(Work instructions) Please write the data out once more, exactly as it is given.

▼

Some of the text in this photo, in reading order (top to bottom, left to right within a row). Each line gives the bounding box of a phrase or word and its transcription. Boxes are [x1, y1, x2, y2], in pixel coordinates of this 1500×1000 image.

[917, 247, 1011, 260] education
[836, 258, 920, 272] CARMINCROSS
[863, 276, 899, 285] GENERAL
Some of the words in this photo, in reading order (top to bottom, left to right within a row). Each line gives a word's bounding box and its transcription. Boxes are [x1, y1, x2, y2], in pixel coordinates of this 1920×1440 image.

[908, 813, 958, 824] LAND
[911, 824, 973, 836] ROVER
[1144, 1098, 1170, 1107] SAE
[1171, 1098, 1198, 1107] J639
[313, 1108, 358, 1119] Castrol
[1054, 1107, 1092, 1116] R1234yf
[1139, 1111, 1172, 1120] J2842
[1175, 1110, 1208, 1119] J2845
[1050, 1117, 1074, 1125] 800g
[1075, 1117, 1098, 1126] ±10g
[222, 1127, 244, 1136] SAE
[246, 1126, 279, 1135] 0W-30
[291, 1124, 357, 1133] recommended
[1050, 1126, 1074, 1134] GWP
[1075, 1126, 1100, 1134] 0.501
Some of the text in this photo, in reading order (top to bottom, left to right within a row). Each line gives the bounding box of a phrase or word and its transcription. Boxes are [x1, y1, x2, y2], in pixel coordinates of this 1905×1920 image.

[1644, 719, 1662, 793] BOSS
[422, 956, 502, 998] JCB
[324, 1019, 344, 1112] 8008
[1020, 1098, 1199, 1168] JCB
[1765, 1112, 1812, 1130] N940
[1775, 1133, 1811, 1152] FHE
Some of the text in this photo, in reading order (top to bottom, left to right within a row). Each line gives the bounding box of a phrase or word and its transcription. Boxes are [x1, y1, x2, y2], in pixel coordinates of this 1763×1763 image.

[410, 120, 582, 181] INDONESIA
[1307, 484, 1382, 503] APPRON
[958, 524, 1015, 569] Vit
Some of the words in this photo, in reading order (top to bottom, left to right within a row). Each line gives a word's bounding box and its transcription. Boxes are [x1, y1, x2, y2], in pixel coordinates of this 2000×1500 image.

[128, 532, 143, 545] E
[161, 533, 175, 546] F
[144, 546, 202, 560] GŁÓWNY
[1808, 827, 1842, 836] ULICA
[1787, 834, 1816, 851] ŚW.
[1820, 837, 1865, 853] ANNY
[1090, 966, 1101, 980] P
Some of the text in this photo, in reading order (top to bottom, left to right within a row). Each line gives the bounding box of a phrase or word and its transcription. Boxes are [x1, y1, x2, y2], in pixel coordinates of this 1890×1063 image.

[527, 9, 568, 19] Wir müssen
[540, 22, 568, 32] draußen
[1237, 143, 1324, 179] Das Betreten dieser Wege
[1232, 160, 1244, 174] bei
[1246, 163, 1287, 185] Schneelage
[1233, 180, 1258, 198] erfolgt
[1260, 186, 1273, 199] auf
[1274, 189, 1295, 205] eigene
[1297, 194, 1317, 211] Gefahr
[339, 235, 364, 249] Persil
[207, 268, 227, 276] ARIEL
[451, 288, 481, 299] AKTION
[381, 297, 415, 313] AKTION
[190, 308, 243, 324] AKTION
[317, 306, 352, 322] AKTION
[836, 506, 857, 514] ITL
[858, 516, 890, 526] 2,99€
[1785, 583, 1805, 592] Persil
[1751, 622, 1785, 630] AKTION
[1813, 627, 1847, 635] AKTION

▲

(Exercise output)
Some of the text in this photo, in reading order (top to bottom, left to right within a row). Each line gives the bounding box of a phrase or word and its transcription. Boxes are [x1, y1, x2, y2], in pixel coordinates of this 1500×1000 image.

[917, 247, 1011, 260] education
[836, 258, 920, 272] CARMINCROSS
[863, 276, 899, 285] GENERAL
Some of the words in this photo, in reading order (top to bottom, left to right within a row). Each line gives a word's bounding box and its transcription. Boxes are [x1, y1, x2, y2], in pixel coordinates of this 1920×1440 image.

[908, 813, 958, 824] LAND
[911, 824, 973, 836] ROVER
[1144, 1098, 1170, 1107] SAE
[1171, 1098, 1198, 1107] J639
[313, 1108, 358, 1119] Castrol
[1054, 1107, 1092, 1116] R1234yf
[1139, 1111, 1172, 1120] J2842
[1175, 1110, 1208, 1119] J2845
[1050, 1117, 1074, 1125] 800g
[1075, 1117, 1098, 1126] ±10g
[222, 1127, 244, 1136] SAE
[246, 1126, 279, 1135] 0W-30
[291, 1124, 357, 1133] recommended
[1050, 1126, 1074, 1134] GWP
[1075, 1126, 1100, 1134] 0.501
Some of the text in this photo, in reading order (top to bottom, left to right within a row). Each line gives the bounding box of a phrase or word and its transcription. Boxes are [x1, y1, x2, y2], in pixel coordinates of this 1905×1920 image.

[1644, 719, 1662, 793] BOSS
[422, 956, 502, 998] JCB
[324, 1019, 344, 1112] 8008
[1020, 1098, 1199, 1168] JCB
[1765, 1112, 1812, 1130] N940
[1775, 1133, 1811, 1152] FHE
Some of the text in this photo, in reading order (top to bottom, left to right within a row). Each line gives the bounding box of a phrase or word and its transcription. Boxes are [x1, y1, x2, y2], in pixel coordinates of this 1763×1763 image.

[410, 120, 582, 181] INDONESIA
[1307, 484, 1382, 503] APPRON
[958, 524, 1015, 569] Vit
Some of the words in this photo, in reading order (top to bottom, left to right within a row). Each line gives a word's bounding box and its transcription. Boxes are [x1, y1, x2, y2], in pixel coordinates of this 2000×1500 image.

[128, 532, 143, 545] E
[161, 533, 175, 546] F
[144, 546, 202, 560] GŁÓWNY
[1808, 827, 1842, 836] ULICA
[1787, 834, 1816, 851] ŚW.
[1820, 837, 1865, 853] ANNY
[1090, 966, 1101, 980] P
Some of the text in this photo, in reading order (top to bottom, left to right within a row). Each line gives the bounding box of a phrase or word and its transcription. Boxes are [x1, y1, x2, y2], in pixel coordinates of this 1890×1063 image.

[527, 9, 568, 19] Wir müssen
[540, 22, 568, 32] draußen
[1237, 143, 1324, 179] Das Betreten dieser Wege
[1232, 160, 1244, 174] bei
[1246, 163, 1287, 185] Schneelage
[1233, 180, 1258, 198] erfolgt
[1260, 186, 1273, 199] auf
[1274, 189, 1295, 205] eigene
[1297, 194, 1317, 211] Gefahr
[339, 235, 364, 249] Persil
[207, 268, 227, 276] ARIEL
[451, 288, 481, 299] AKTION
[381, 297, 415, 313] AKTION
[190, 308, 243, 324] AKTION
[317, 306, 352, 322] AKTION
[836, 506, 857, 514] ITL
[858, 516, 890, 526] 2,99€
[1785, 583, 1805, 592] Persil
[1751, 622, 1785, 630] AKTION
[1813, 627, 1847, 635] AKTION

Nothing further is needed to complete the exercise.